There was little more of actual fact that he could decipher with certainty, but there were allusions that implied that the interior of the island was more or less known, as well as feared, by the writer, either by report or observation. That suggested that some parts might be visited with comparative or entire impunity, and that those who had been lost had gone into some further danger. Jean called it an Isle of Devils. That might mean much, or little. The creature which Charlton had seen might suggest a devil to a vulgar mind. Also, he seemed to write under the shadow of a dread which he did not understand, even to be drawn to it against his will, if one blurred page had yielded its secret to Charlton's patience.
Anyway, they were gone, all gone. That was the sinister fact. And yet, was it? They might have found a more attractive location. They might be living now at no great distance. With their help his boat could be manned, and they could make sail for the civilisation that must seem lost for ever. They could supply the very help he needed, while he would seem to them an almost miraculous deliverer.
So he imagined, but he did not believe it. There were the things in the chest. They had not been rotten then. They would have been fetched. He believed they were dead.
He looked with a new doubt at the dark line of the forest. There was his dream, and the dread he had felt as he first viewed it. That was a fact - of a kind - also.
But on this day it had no power to daunt him. "Cowards die many times before their death," he said lightly. He would go when the moon rose.
But he took out the cartridges from his rifle, and cleaned and reloaded it very carefully. There had been several others in the boat - heavier weapons - which he had left in the first chamber, but weight counts in a tropic climate, and the ammunition for them was less plentiful. He hesitated over the sword again - but it would be awkward to wear. He had a fantastic thought that he might be flying back for refuge, and find an enemy in possession who might use it against him. Humouring his own folly, he hid it behind the chest.
CHAPTER VIII
THE SATYR
Charlton lay down before the short tropic twilight came, and slept soundly. When he woke and looked out through the creepers that screened his window so deeply, the country beneath him was flooded with silver light. It was too much for his purpose, rather than otherwise. His preparations had been made already. He ate a hearty meal of the preserved food with which his boat had been provisioned, longing the while for the fresh fruits which he did not doubt that he would soon pluck at his pleasure. He had filled his pockets with ship's biscuit, for he did not intend to return before the next night, but he hoped to find a meal which would be more to his liking. He slung the rifle over his back, and climbed out.
The stars were brilliant.
The descent was easy. It would not have been difficult had the cliff been perpendicular, with such a thickness of clinging growth to support him. As it was no more than a very steep slope, he could scarcely have fallen far had he designed to do so. He would have sunk among the leaves, and the boughs would have held him.
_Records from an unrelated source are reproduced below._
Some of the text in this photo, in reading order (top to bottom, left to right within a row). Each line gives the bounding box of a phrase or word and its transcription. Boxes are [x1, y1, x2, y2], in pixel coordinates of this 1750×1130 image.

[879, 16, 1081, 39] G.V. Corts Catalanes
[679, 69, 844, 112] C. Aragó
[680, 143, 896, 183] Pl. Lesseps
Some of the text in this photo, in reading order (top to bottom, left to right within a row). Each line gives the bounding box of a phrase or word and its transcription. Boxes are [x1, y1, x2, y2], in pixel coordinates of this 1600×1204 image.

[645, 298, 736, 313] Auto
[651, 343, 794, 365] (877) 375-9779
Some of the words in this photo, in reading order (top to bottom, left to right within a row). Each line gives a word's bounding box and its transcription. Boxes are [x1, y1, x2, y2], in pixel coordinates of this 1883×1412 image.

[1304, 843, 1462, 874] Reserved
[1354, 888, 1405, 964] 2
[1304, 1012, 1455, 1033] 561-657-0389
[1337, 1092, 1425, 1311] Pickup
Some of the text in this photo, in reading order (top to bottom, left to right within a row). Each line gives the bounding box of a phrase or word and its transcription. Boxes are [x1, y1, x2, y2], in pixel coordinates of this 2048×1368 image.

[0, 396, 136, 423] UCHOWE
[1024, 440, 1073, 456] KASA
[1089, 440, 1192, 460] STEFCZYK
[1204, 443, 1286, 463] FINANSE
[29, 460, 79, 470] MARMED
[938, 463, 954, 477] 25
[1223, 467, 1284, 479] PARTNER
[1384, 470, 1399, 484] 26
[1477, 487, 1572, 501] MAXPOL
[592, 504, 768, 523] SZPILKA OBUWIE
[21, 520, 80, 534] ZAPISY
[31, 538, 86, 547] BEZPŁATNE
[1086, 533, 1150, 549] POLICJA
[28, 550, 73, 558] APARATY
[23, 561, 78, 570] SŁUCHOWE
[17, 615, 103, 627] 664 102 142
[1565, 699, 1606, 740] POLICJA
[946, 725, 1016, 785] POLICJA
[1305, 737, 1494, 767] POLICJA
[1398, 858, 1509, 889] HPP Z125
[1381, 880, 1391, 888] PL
But he was almost intoxicated by the scent of the great flowers, which came out most strongly in the night-time. He knocked one of them aside, and a nightbird - or was it a giant moth? - flew out on silent wings, with a note of protest which was neither hum nor cry, but something strangely between the two.
He slipped a few feet at the last, for the boughs were thicker and less frequent, and the moonlight deceived him; but he was unhurt, and he paused, drawn back under the shadow, in doubt as to whether he should adventure further in the darkness.
It was three hours to dawn.
He decided that it would be best to move cautiously along the foot of the cliff, lest he should betray the locality of his refuge to any watching eyes when the light came. He turned left-hand, for he had in mind that hint of a white building on the distant hill to southward as his ultimate objective, should nothing hinder him earlier. The ground sloped slightly downward from the cliff-foot for a short space, beyond which was the level stretch of verdure that had shown parrot-green in the sunlight. He was of a mind to cross it, and gain the wood's shelter now, rather than later. He could lie closely there till the night should be over. But he would continue for a while, and not cross opposite to his own lair. Even a lapwing had too much sense to do such a thing as that.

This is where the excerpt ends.